Марьяна
– И мы, как всегда, начинаем наш прямой репортаж из Медисон Сквер Гарден, где буквально через несколько минут начнется бой за титул абсолютного чемпиона мира в супер-тяжелом весе по версиям IBF, WBO и WBC между Демидом Балашовым и…
Отбрасываю от себя ручку и зажимаю ладонями уши. Нет сил слушать это снова и снова. Просто нет сил… А потому выходит, что я так и не научилась справляться с этим дерьмом. Не приучила себя не вздрагивать каждый раз при упоминании имени Балашова и всего, что с ним было связано. Смешно! Ведь это происходит так часто, что уже бы пора привыкнуть. Но не получается. Я срываюсь каждый чертов раз. А мне нельзя. У нас с ним дочь вообще-то…

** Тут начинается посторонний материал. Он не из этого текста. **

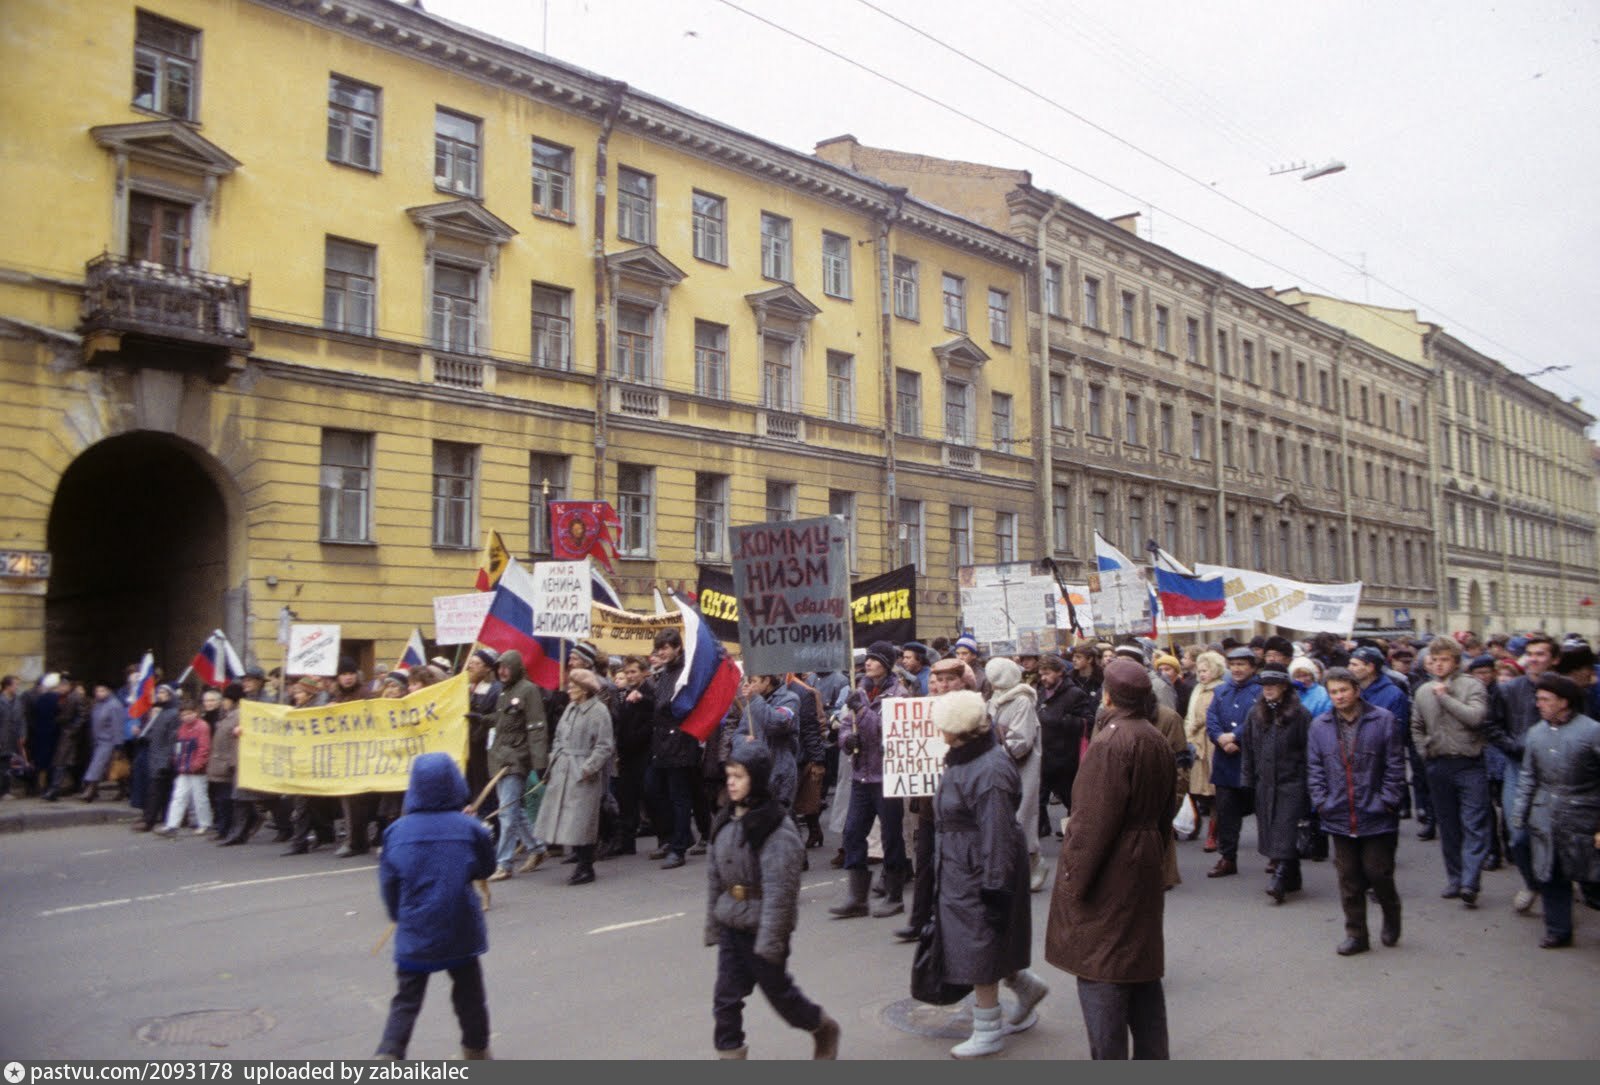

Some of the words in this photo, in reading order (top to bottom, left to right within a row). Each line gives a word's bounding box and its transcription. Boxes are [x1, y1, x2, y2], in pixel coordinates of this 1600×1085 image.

[549, 565, 575, 575] ИМЯ
[746, 556, 829, 593] НИЗМ
[541, 577, 582, 592] ЛЕНИНА
[546, 594, 578, 610] ИМЯ
[741, 593, 796, 627] НА
[535, 612, 589, 632] АНТИХРИСТА
[886, 739, 929, 759] ВСЕХ
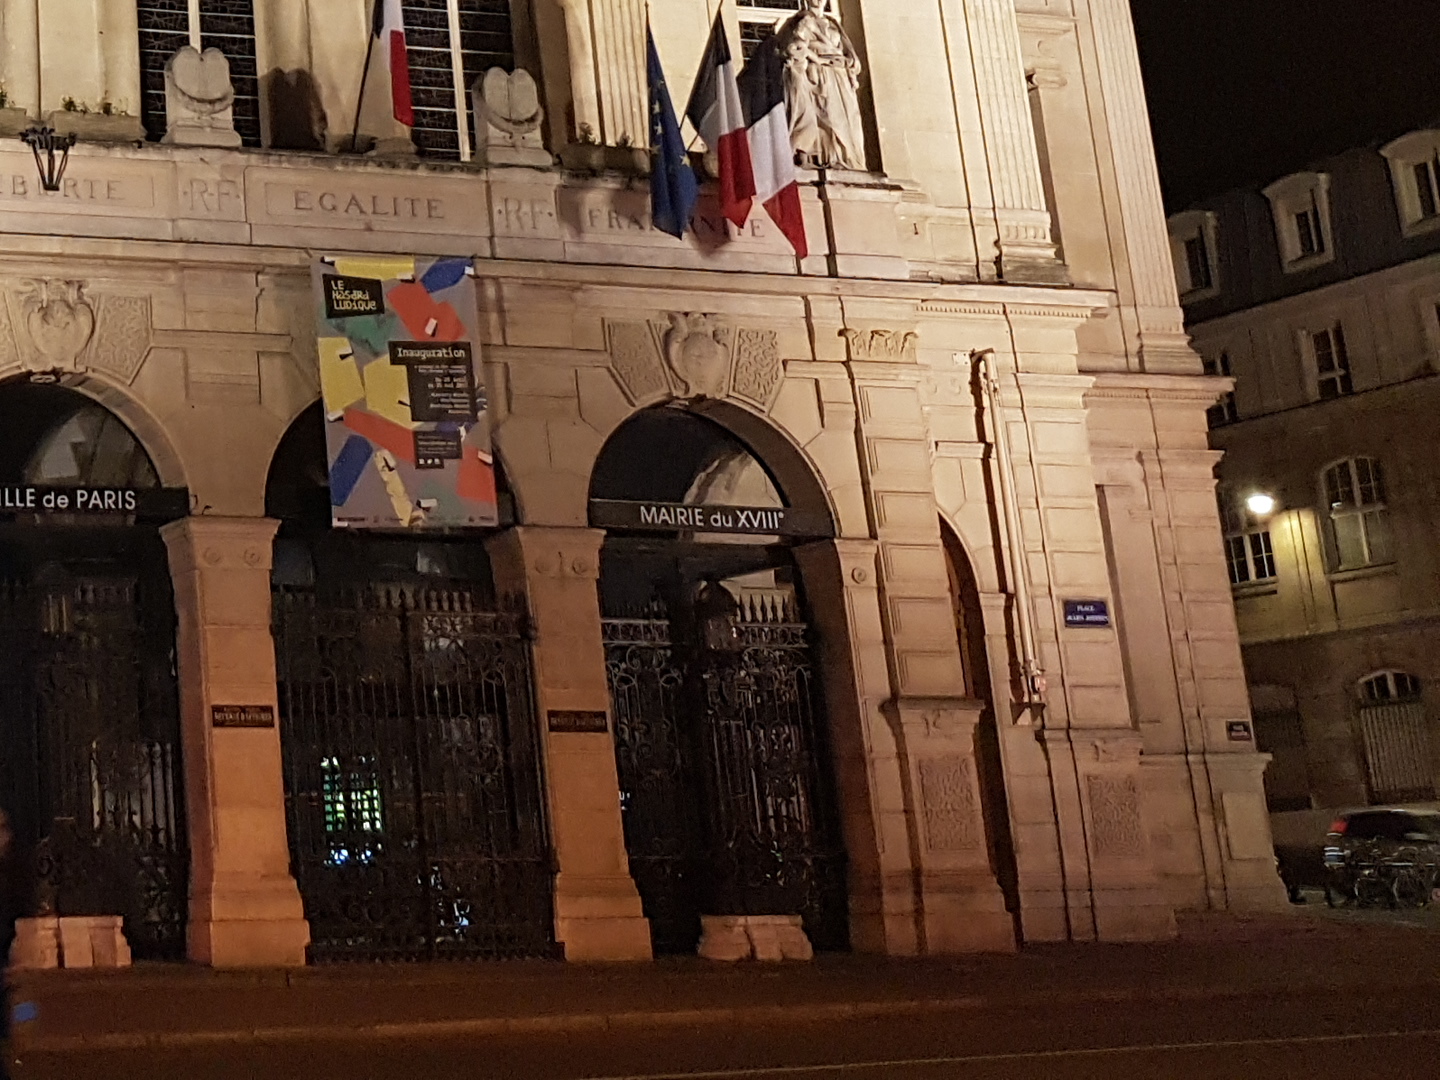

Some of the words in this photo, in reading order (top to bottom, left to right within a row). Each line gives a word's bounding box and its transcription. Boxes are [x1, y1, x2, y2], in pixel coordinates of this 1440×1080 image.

[293, 190, 446, 220] EGALITE
[330, 280, 345, 290] LE
[397, 346, 466, 360] Inauguration
[42, 490, 69, 508] de
[76, 489, 136, 510] PARIS
[640, 505, 705, 527] MAIRIE
[710, 511, 733, 528] du

Встаю из-за стола, подхожу к неплотно прикрытой двери, ведущей в кабинет заведующего, и ору, перекрикивая телевизор:
– Владимир Станиславович, можно потише, ну? Я тут вообще-то работать пытаюсь.

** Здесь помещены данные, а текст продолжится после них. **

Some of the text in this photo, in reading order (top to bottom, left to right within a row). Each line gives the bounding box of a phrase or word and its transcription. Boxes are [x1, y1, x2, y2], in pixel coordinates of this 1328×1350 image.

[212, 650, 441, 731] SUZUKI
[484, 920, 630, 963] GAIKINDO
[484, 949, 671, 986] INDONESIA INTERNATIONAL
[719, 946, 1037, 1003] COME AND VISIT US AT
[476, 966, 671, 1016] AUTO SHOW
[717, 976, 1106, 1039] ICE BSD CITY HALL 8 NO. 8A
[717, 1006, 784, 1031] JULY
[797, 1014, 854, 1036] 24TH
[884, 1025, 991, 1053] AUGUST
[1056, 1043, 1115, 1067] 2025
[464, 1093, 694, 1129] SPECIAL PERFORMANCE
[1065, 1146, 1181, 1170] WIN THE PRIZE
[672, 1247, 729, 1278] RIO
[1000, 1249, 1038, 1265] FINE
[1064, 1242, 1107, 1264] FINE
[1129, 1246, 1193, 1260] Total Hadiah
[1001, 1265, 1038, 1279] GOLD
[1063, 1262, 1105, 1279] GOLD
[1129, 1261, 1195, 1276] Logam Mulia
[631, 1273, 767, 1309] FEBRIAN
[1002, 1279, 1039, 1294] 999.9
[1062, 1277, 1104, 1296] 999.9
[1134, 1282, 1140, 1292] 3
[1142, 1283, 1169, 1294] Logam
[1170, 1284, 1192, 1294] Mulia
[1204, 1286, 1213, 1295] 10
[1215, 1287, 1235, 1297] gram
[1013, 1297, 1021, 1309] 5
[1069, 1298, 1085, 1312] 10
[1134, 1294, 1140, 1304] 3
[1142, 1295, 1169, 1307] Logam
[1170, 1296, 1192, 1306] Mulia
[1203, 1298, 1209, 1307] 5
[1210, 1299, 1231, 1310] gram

– Блин, Марьяш, так ведь бой какой!
– Его еще вчерашней ночью все посмотрели.
– А я проспал! Представляешь? Вырубился после смены… Ой, йой! Ну же, Демид, давай джебами его! Вот так… Какой крюк, а, Марьяш!

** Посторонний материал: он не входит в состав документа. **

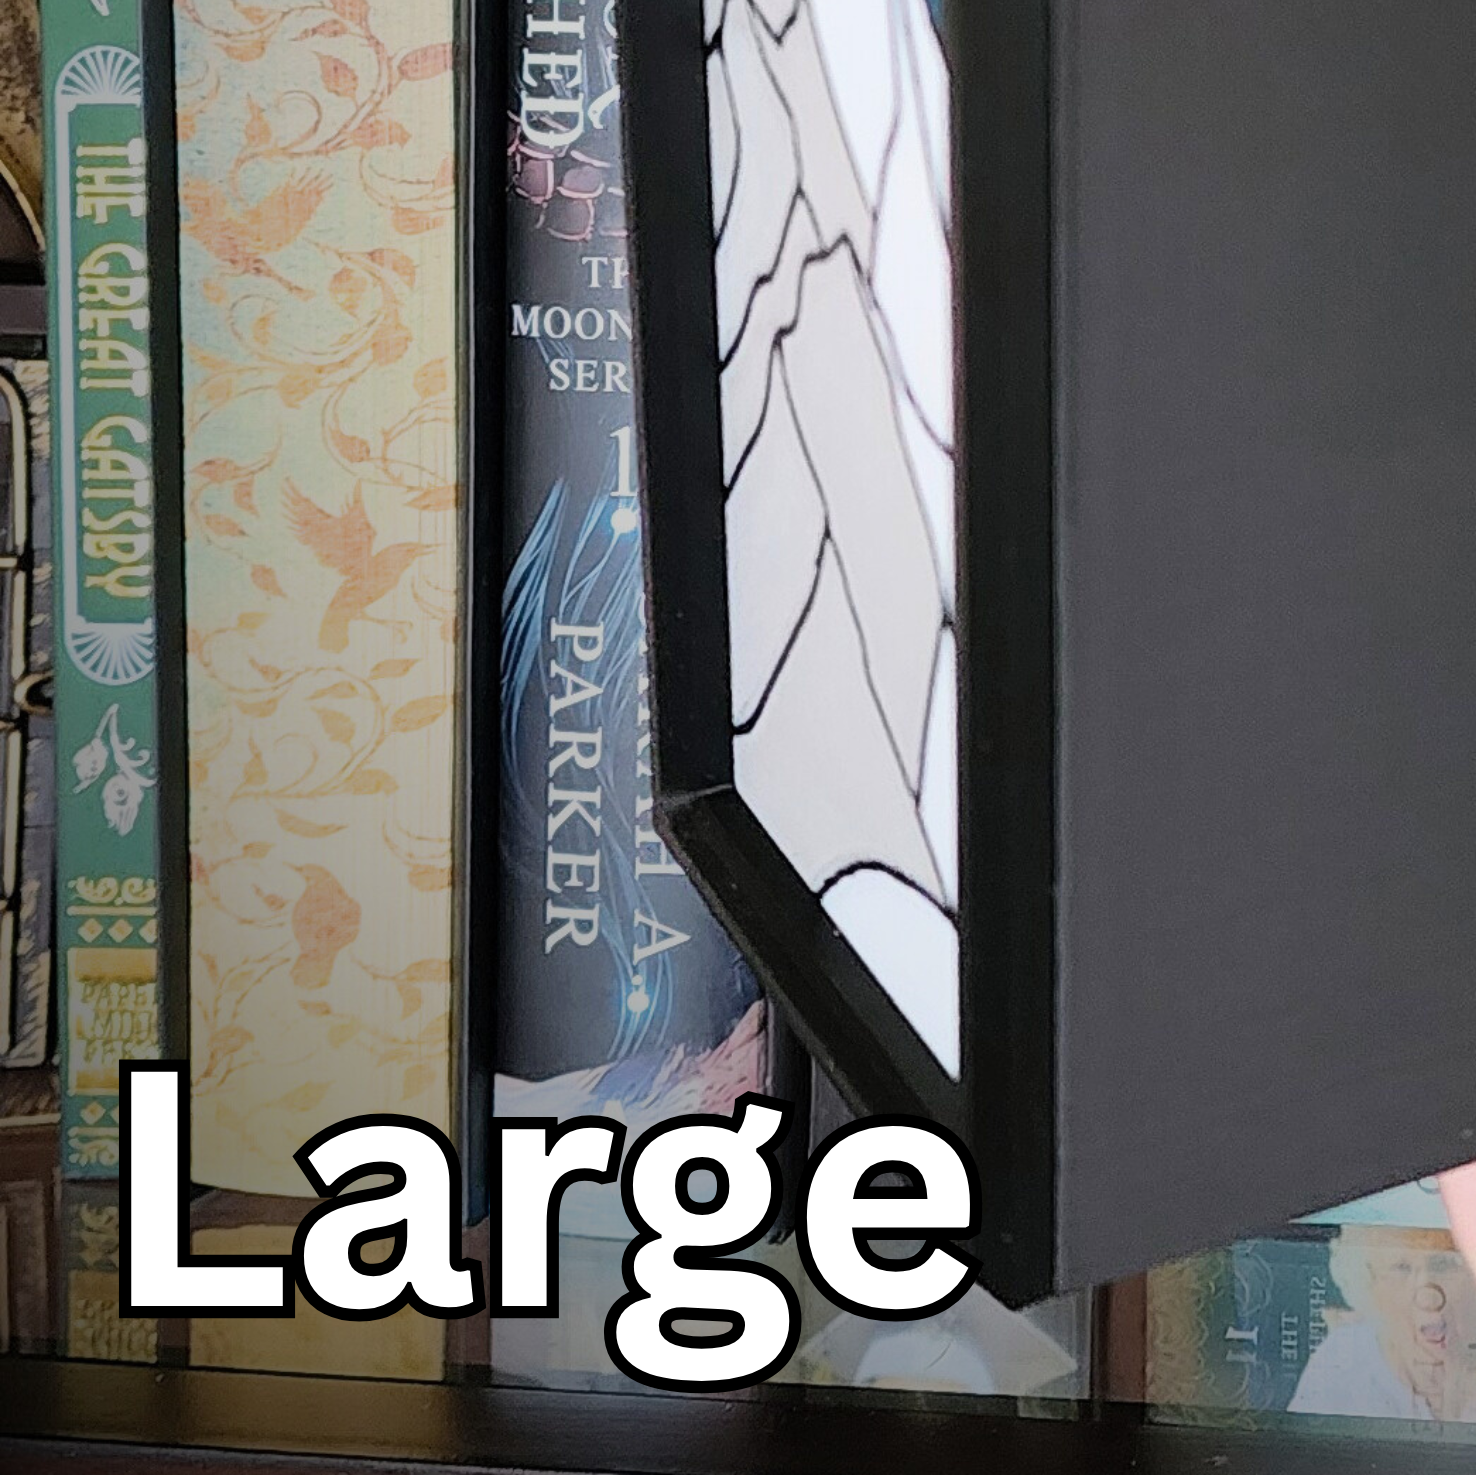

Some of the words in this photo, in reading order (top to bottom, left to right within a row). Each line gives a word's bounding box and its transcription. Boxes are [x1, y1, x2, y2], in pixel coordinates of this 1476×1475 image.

[76, 137, 147, 224] THE
[78, 242, 150, 398] GREAT
[81, 415, 151, 598] GATSBY
[610, 426, 638, 497] 1
[544, 617, 604, 954] PARKER

Я закатываю глаза и возвращаюсь за стол, понимая, что ничего своими просьбами не добьюсь. Когда дело касается Балашова, все идет кувырком. И никого уж точно не волнует, что в ночь боя я тоже была после смены, а шум в округе поднялся такой, что уснуть было просто невозможно. Последний бой Демида в этом чертовом городе смотрели, кажется, все. Когда во втором раунде Балашов отправил Фьюри в нокдаун, я даже слышала, как завопила моя соседка. Тихая восьмидесятилетняя старушка, которую я всегда считала интеллигентной, не терпящей насилия пацифисткой.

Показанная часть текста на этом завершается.